Director of Children’s
Services Provision
Programme aims and purpose
Children’s Services background
Origin of the programmes
Overview of programmes
Common leadership taxonomy
Senior Leadership Programme for Children’s Services
Succession Planning
Black and Asian Leadership Initiative
Bespoke Leadership Development
List of acronyms
1. Context
Programme aims and purpose
The DCS provision is a collection of leadership development programmes for people leading children's services
at different levels.
Its ultimate aim is the same as that of the leaders it supports:
“ deliver improved outcomes for children and young people...”
It works towards this goal by providing those who lead children’s services in local authorities with support in
balancing the complex challenges of the role, and managing both themselves and their teams.
It promotes an adaptive model of leadership which is able to cope with a rapidly changing political landscape
and address persistent social issues. In doing so, it is creating a common language in the sector for discussing
leadership challenges, and supporting DCSs and senior leaders in children’s services as they lead their
authorities through changing political and financial climates.
This common understanding, coupled with the networking opportunities the programme provides, connects
DCSs and senior leaders in children’s services from different backgrounds, authorities and geographies, allowing
them to support each other and share experiences and best practice.
Children’s Services background
The DCS role was created by the Children’s Act (2004), to have statutory responsibility for the education and
social care functions in local authorities. An important aspect of the role is the coordination of the actions of
multiple agencies to ensure that children are protected and able to develop and grow.

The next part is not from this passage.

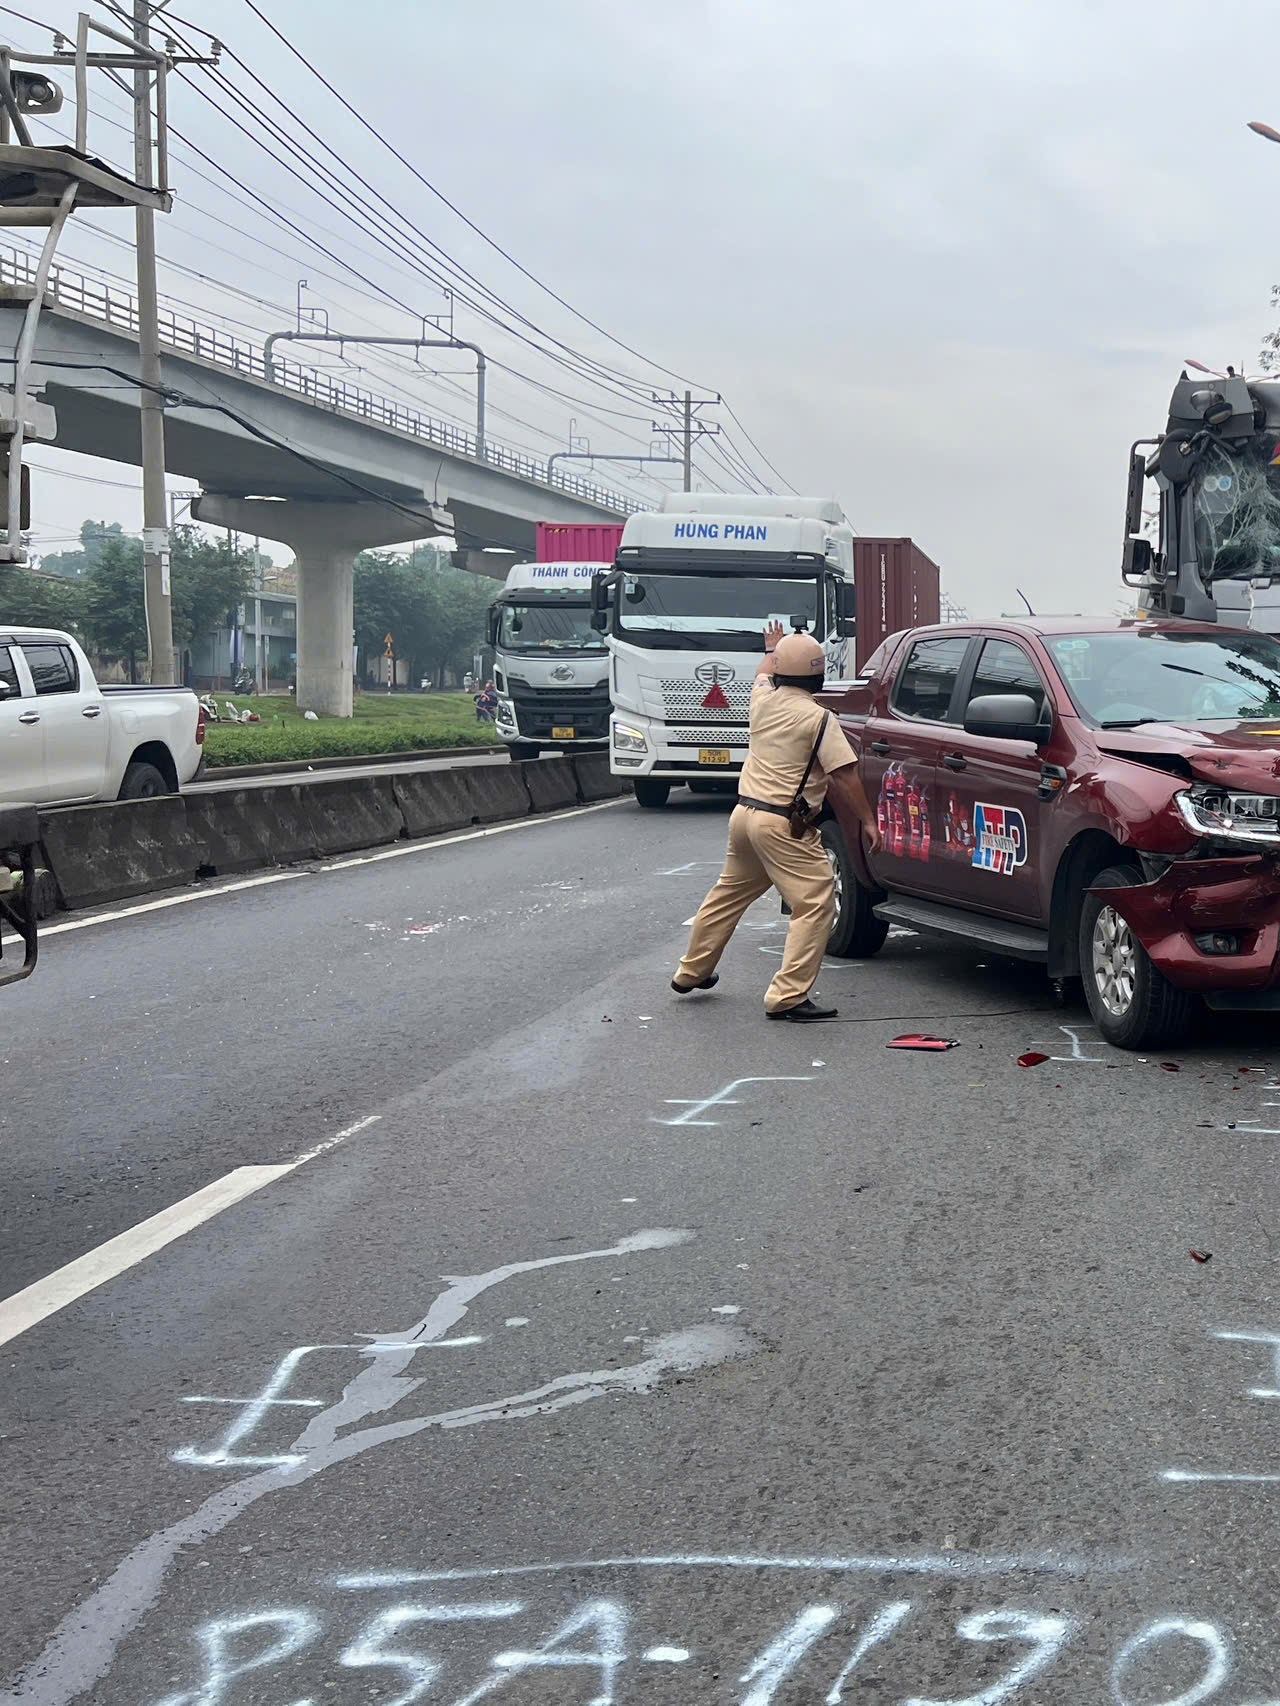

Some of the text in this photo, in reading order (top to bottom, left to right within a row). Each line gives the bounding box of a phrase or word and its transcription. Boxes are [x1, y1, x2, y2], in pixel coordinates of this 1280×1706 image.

[674, 519, 767, 541] HÙNG PHAN
[994, 835, 1015, 852] SAFETY

The act was the culmination of a series of legislative changes, made in part due to several high profile failures in
the child protection system. In particular, the death of Victoria Climbié was the catalyst for the Laming enquiry:
a wide-ranging report into the failures of multiple agencies to protect Victoria, and wider problems in the
In 2010, the Munro Review re-examined the state of Children’s Services and made a range of recommendations,
in particular the removal of bureaucracy and ‘compliance’ and a shift towards learning and continuous
improvement of practice. The report was widely praised, and DCSs and their teams are now digesting these
recommendations and understanding how they can be applied within their authorities.
The origin of the programmes
The complexity of the role, coupled with its sensitivity, led to the creation of a leadership development
programme aimed at serving and future DCSs, under the then Education Secretary, Ed Balls. Though such a
programme was already envisaged by the government, the emergence of the ‘Baby P’ case and the ensuing
media interest prompted decisive action.
Early delivery
Responsibility for the provision was given to the National College for School Leadership, which took on a newly
expanded remit for Children’s Services.
Deloitte was engaged as a strategic partner for both design and delivery of the new provision initially from 2009
and in June 2009 the first cohort of 24 serving DCSs began on the Leadership programme. A separate
programme for Aspirant DCSs was launched in April 2010. The Aspirant DCS programme has now evolved into
the Senior Leadership Programme for Children’s Services.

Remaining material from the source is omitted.